In a nutshell
As AI is changing how entrepreneurship fundamentally works, this paper offers a framework for bringing AI into entrepreneurship education through a familiar structure: learning about, for, and through entrepreneurship.

There’s no denying it: entrepreneurs can now use AI to analyse markets, generate ideas, communicate with customers, test assumptions, support decision-making, shape business models – all these things that used to require far more time, resources, or specialist expertise. So naturally, if AI is changing what entrepreneurs can do, it also changes what future entrepreneurs need to learn. Of course they still need to strengthen and cultivate the usual entrepreneurial muscles and mindset, but they also need to understand how AI works in entrepreneurial contexts, how to use it critically, and how to remain responsible for decisions made with its support.
This is the challenge Heather Bell and Robin Bell take up in their conceptual paper. They propose a framework for integrating AI into entrepreneurship education as part of entrepreneurial capability development, without asking educators to start from scratch.

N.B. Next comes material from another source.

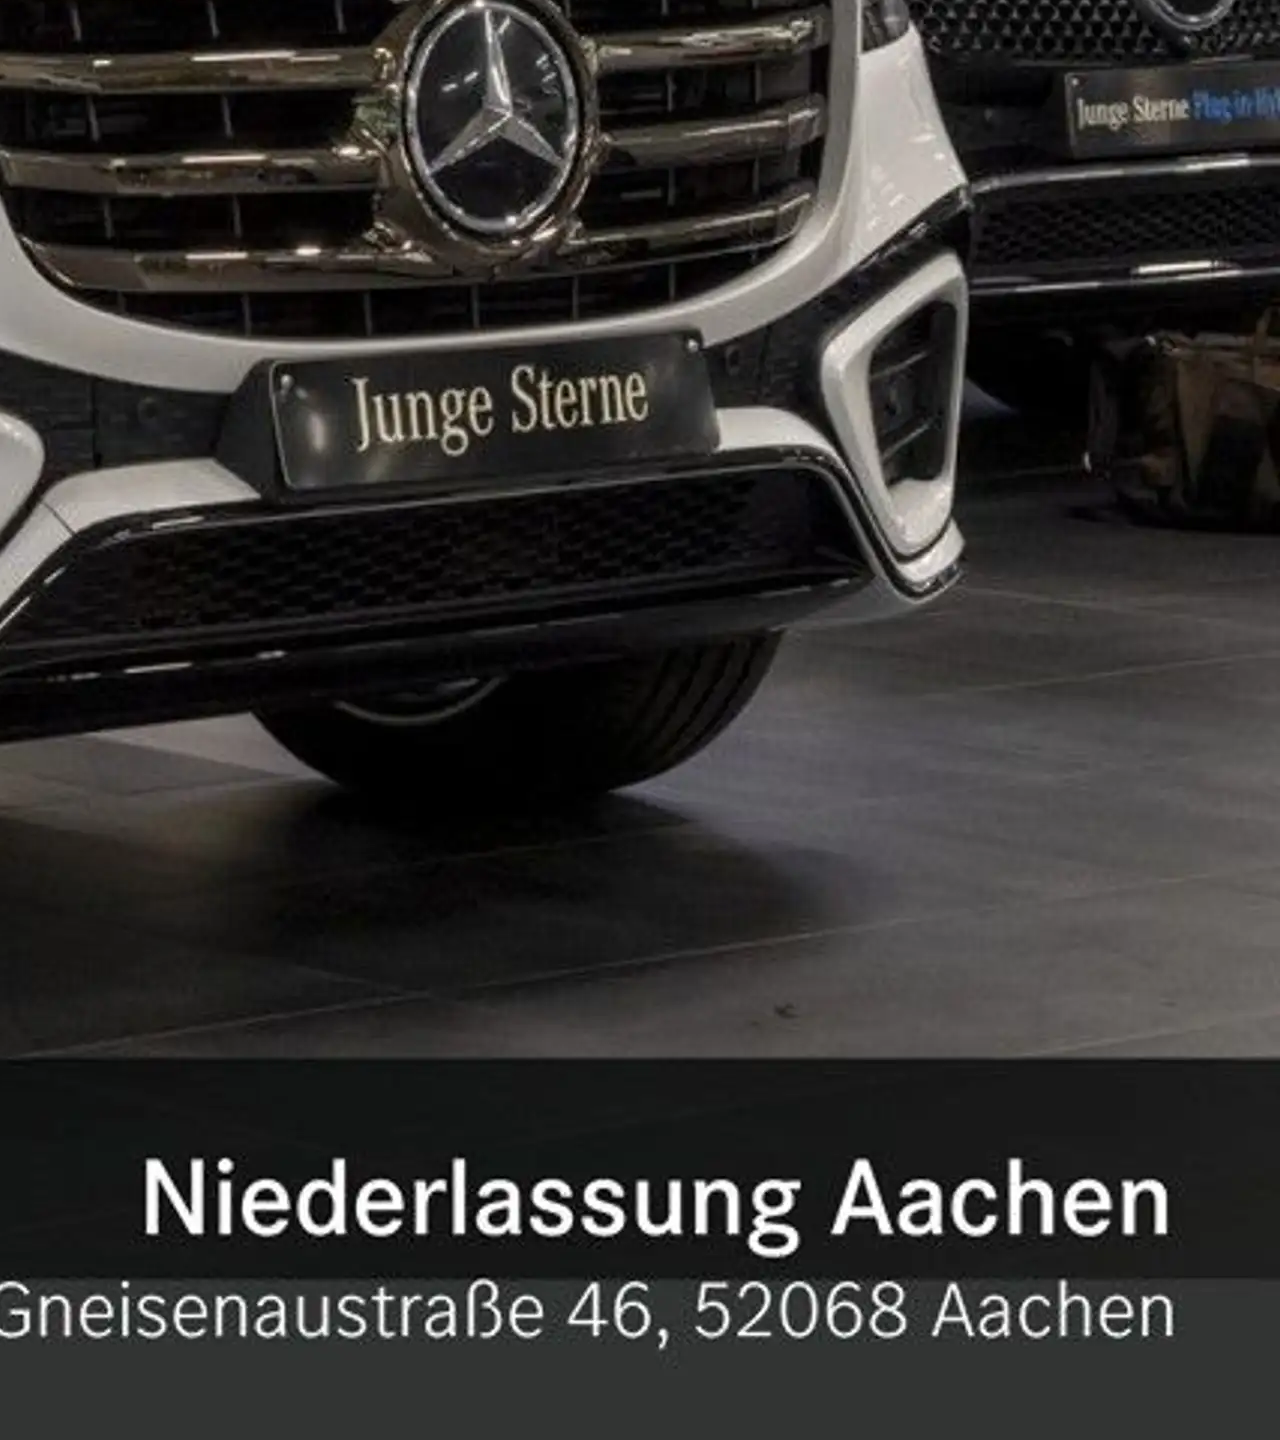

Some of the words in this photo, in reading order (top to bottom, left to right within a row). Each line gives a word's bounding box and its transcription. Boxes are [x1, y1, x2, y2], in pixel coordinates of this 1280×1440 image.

[1076, 97, 1129, 131] Junge
[1132, 93, 1190, 122] Sterne
[352, 377, 494, 457] Junge
[511, 365, 649, 433] Sterne

Instead, they build on a structure many in the field already know: learning about, for, and through entrepreneurship.
In simple terms, students can learn about entrepreneurship by developing conceptual understanding, for entrepreneurship by building skills and competences, and through entrepreneurship by engaging in entrepreneurial activity. Bell and Bell extend this familiar structure to AI, making the point that students do not need the same kind of AI learning at every stage. Sometimes they need to understand AI, sometimes they need to practise using it, and sometimes they need to work with it in more realistic entrepreneurial contexts, where judgement and accountability become part of the learning.
That starts with understanding how AI is changing entrepreneurial practice. The aim is not to turn every student into an AI specialist – which would be both unrealistic and mildly uncool – it is to build enough conceptual AI literacy for them to understand both the possibilities and the limits of these systems.
Publication year: May 2026
Authors: Heather Bell and Robin Bell
Institutions: Lycoming College, USA; Worcester Business School, University of Worcester, UK
Study type: Conceptual/theoretical paper
Sample Size: Not applicable
Research focus: Developing a framework for progressively integrating AI into entrepreneurship education.
Research Methodology: Conceptual and integrative synthesis drawing on the about–for–through tradition in entrepreneurship education, literature on AI in entrepreneurship education, and learning theory.
Main findings: The paper proposes the AI-Enabled Entrepreneurial Learning Progression Framework, which frames AI integration as a staged capability-development process. It moves from conceptual literacy and analytical understanding, to applied integration and evaluative judgement, and finally to entrepreneurial capability, identity formation, and responsible agency in AI-enabled venture contexts.
Citation: Bell, H., & Bell, R. (2026). Extending the about–for–through tradition for AI-enabled entrepreneurship education: the AI-enabled entrepreneurial learning progression framework. Entrepreneurship Education. Link
From there, students can begin using AI in entrepreneurial tasks. However, the learning does not come from producing a shiny AI-assisted output and calling it a day. It comes from learning how to evaluate what AI gives them. What assumptions is it making? What evidence is missing? Where might bias creep in? Does the output actually hold up, or does it just sound confident in that particular way machines have mastered suspiciously well?
The final step is using AI as part of more authentic entrepreneurial activity. This might happen in live projects, venture development, incubator settings, or externally engaged work. Here, AI becomes part of the environment students are acting within. It can suggest, generate, analyse, and summarise, but the responsibility for entrepreneurial decisions still rests with the person using it. The tool can help to steer, but it does not get to hold the driving licence.
That is where this framework becomes especially useful for educators. Before redesigning an assignment around whatever platform everyone is currently panicking about, educators can ask a more useful question: what do students need at this point in their learning? Do they need to understand how AI affects entrepreneurship? Do they need to practise using it critically? Or do they need to apply it in contexts where decisions, consequences, and responsibility matter?
The paper is theoretical, so the framework still needs to be tested in practice, but it does offer a helpful way into a fast-moving educational challenge. If AI is redefining the capabilities required of entrepreneurs, entrepreneurship education needs to respond with more than scattered tool use. Bell and Bell’s framework suggests one way to do that: by helping students understand AI, work with it critically, and take responsibility for what they create with it.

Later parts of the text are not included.